■ **Stored dataset items**
+ + + +

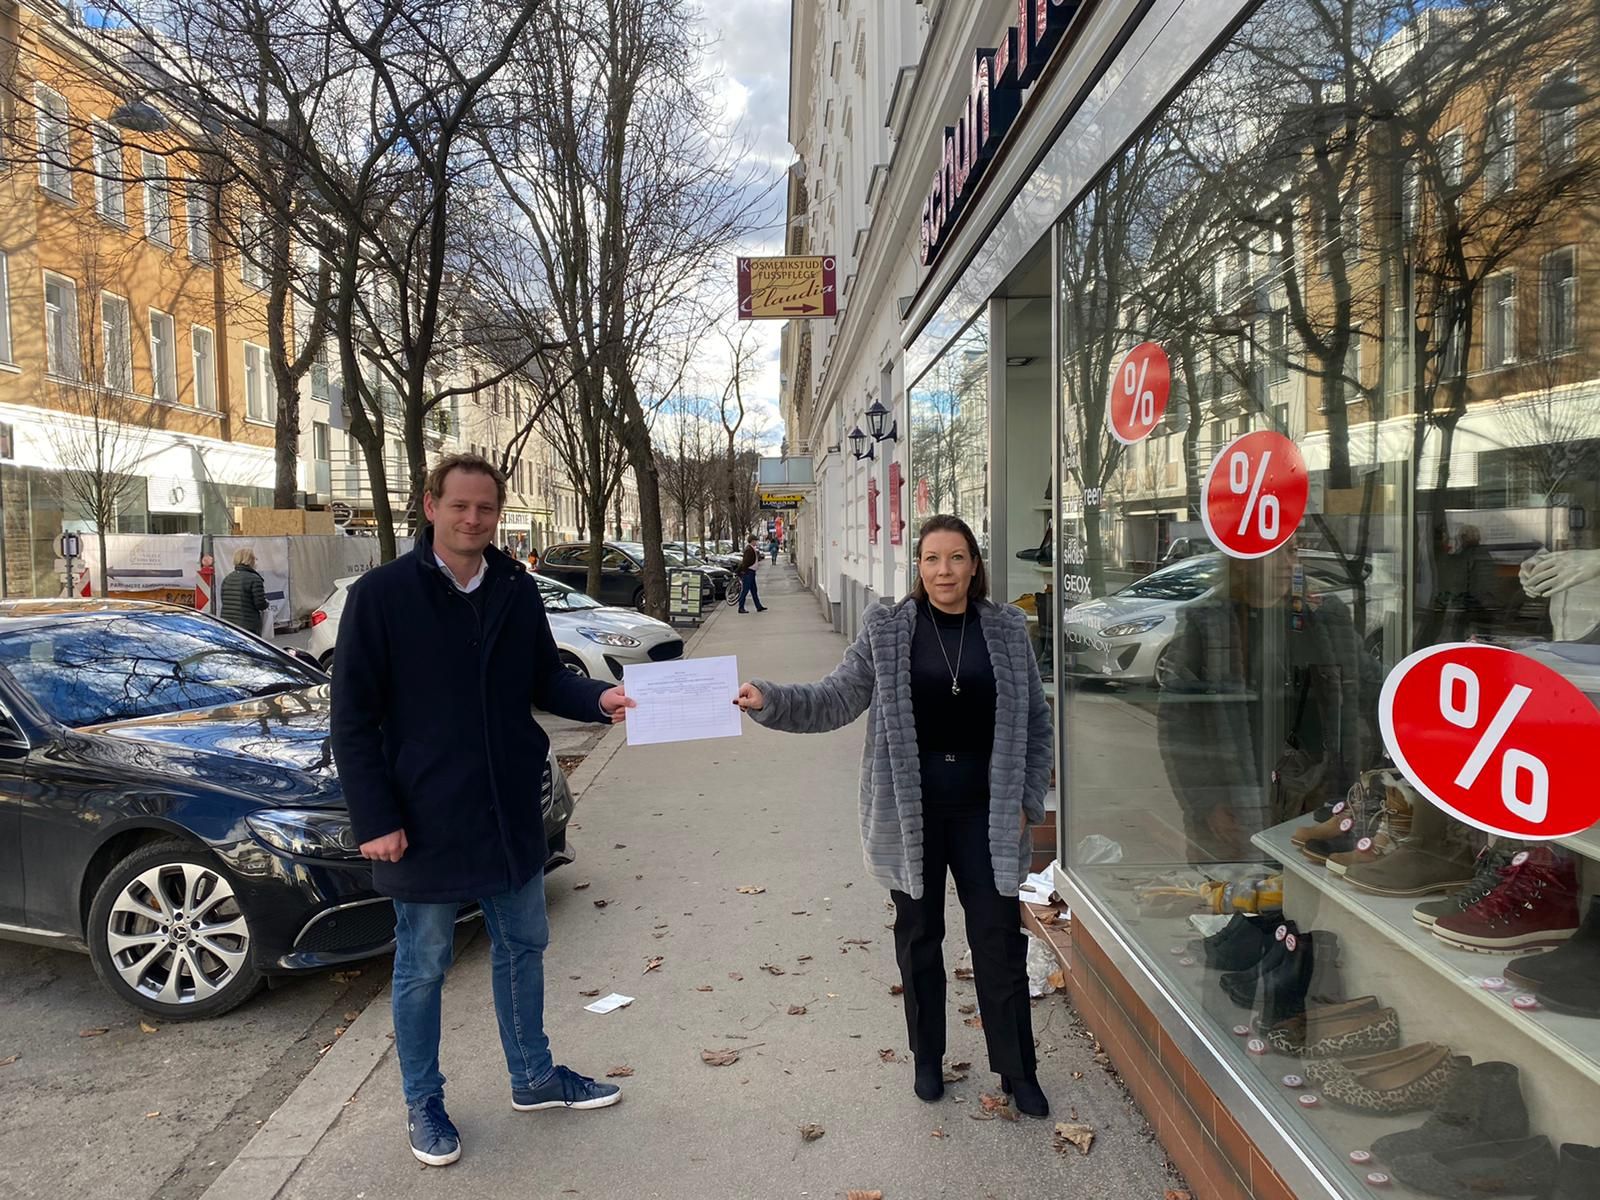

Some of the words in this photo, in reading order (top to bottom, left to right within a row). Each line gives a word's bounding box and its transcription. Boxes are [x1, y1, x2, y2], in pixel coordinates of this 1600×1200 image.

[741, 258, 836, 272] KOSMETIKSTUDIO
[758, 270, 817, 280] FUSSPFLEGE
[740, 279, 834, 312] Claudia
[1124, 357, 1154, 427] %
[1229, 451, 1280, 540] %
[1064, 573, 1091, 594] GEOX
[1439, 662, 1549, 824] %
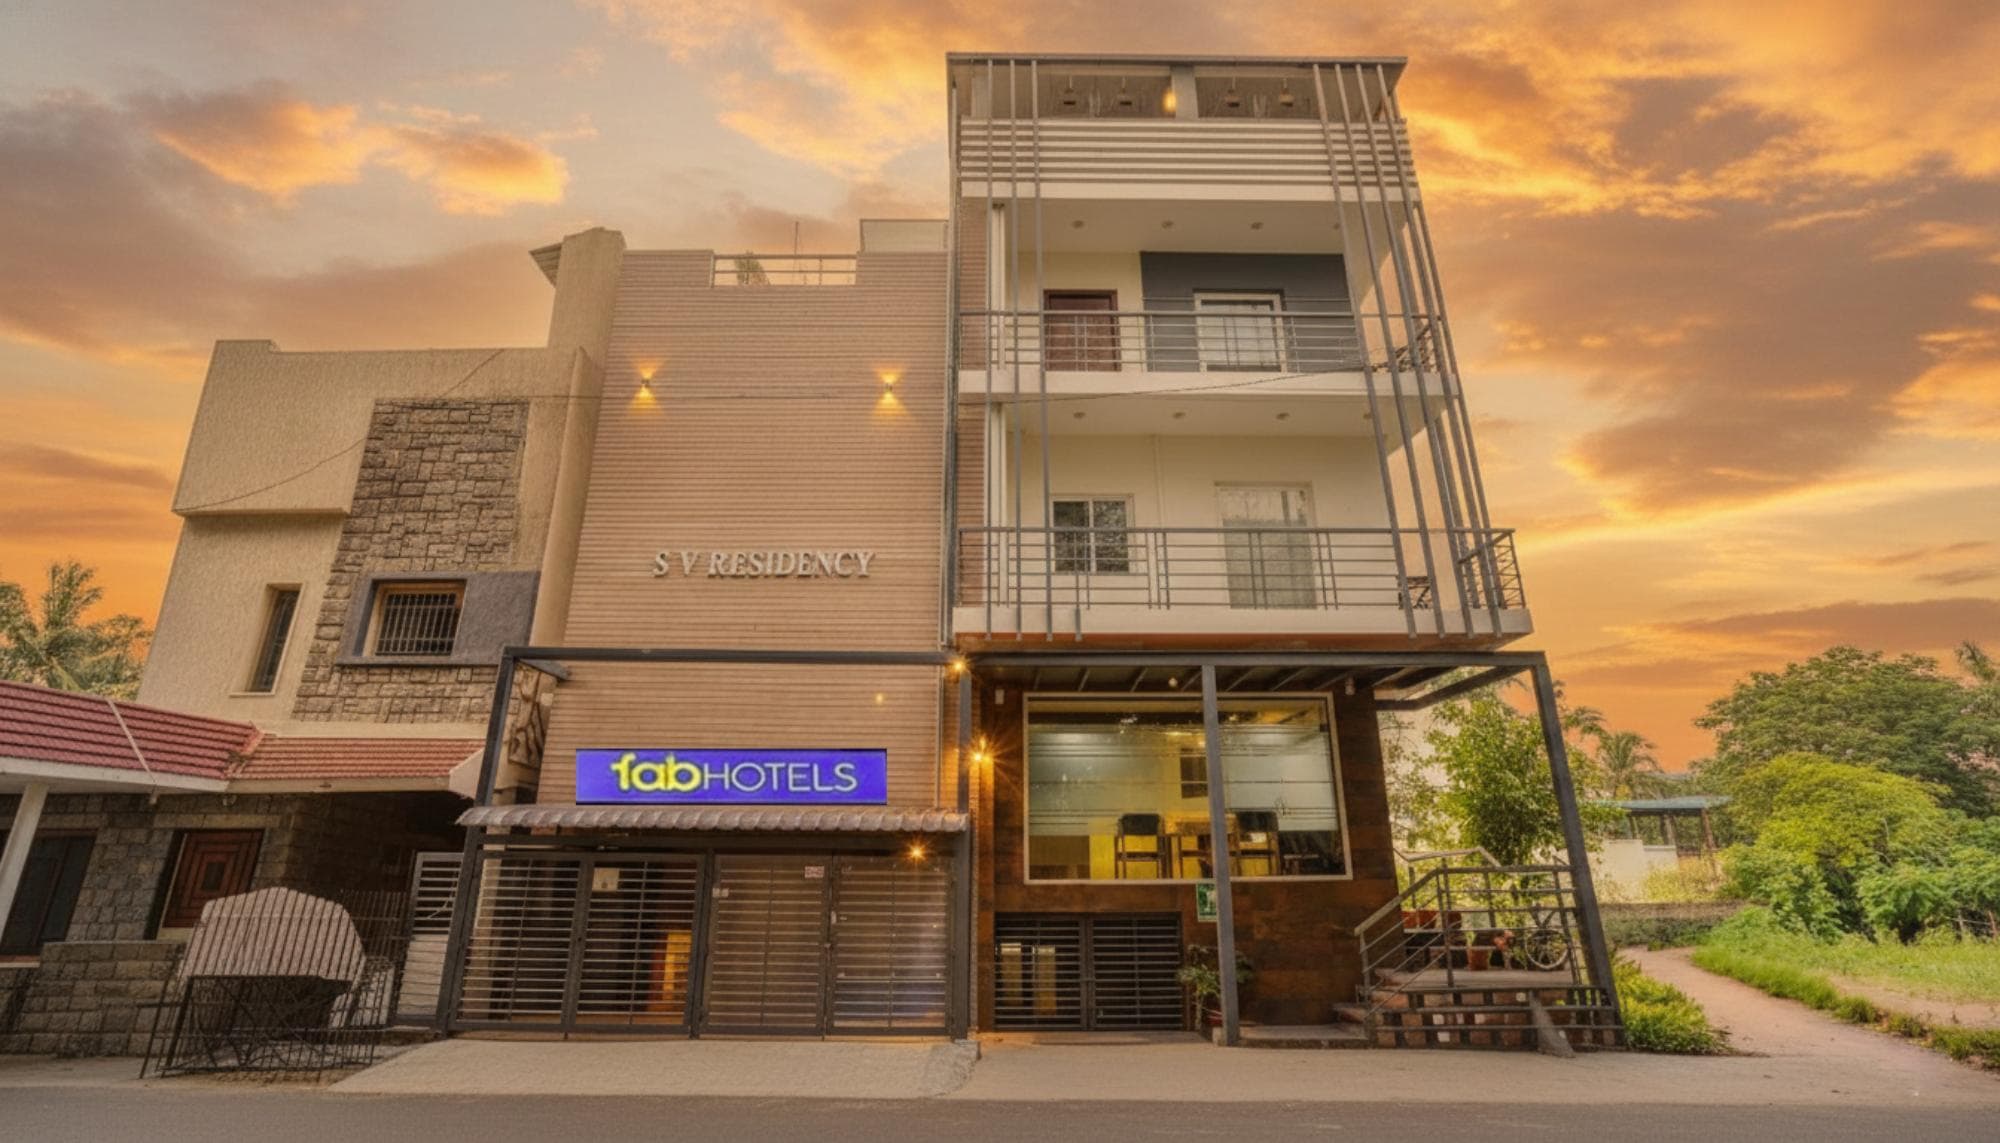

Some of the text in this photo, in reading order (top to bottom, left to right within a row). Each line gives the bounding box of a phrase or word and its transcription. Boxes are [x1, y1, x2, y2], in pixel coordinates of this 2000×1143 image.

+ + + +

■ **About this exercise**
Write every record out again exactly, omitting the pictures they hold.

■ **Result**
Some of the words in this photo, in reading order (top to bottom, left to right within a row). Each line gives a word's bounding box and its transcription. Boxes are [x1, y1, x2, y2], in pixel coordinates of this 1600×1200 image.

[741, 258, 836, 272] KOSMETIKSTUDIO
[758, 270, 817, 280] FUSSPFLEGE
[740, 279, 834, 312] Claudia
[1124, 357, 1154, 427] %
[1229, 451, 1280, 540] %
[1064, 573, 1091, 594] GEOX
[1439, 662, 1549, 824] %

Some of the text in this photo, in reading order (top to bottom, left to right within a row). Each line gives the bounding box of a phrase or word and its transcription. Boxes are [x1, y1, x2, y2], in pixel coordinates of this 2000×1143 image.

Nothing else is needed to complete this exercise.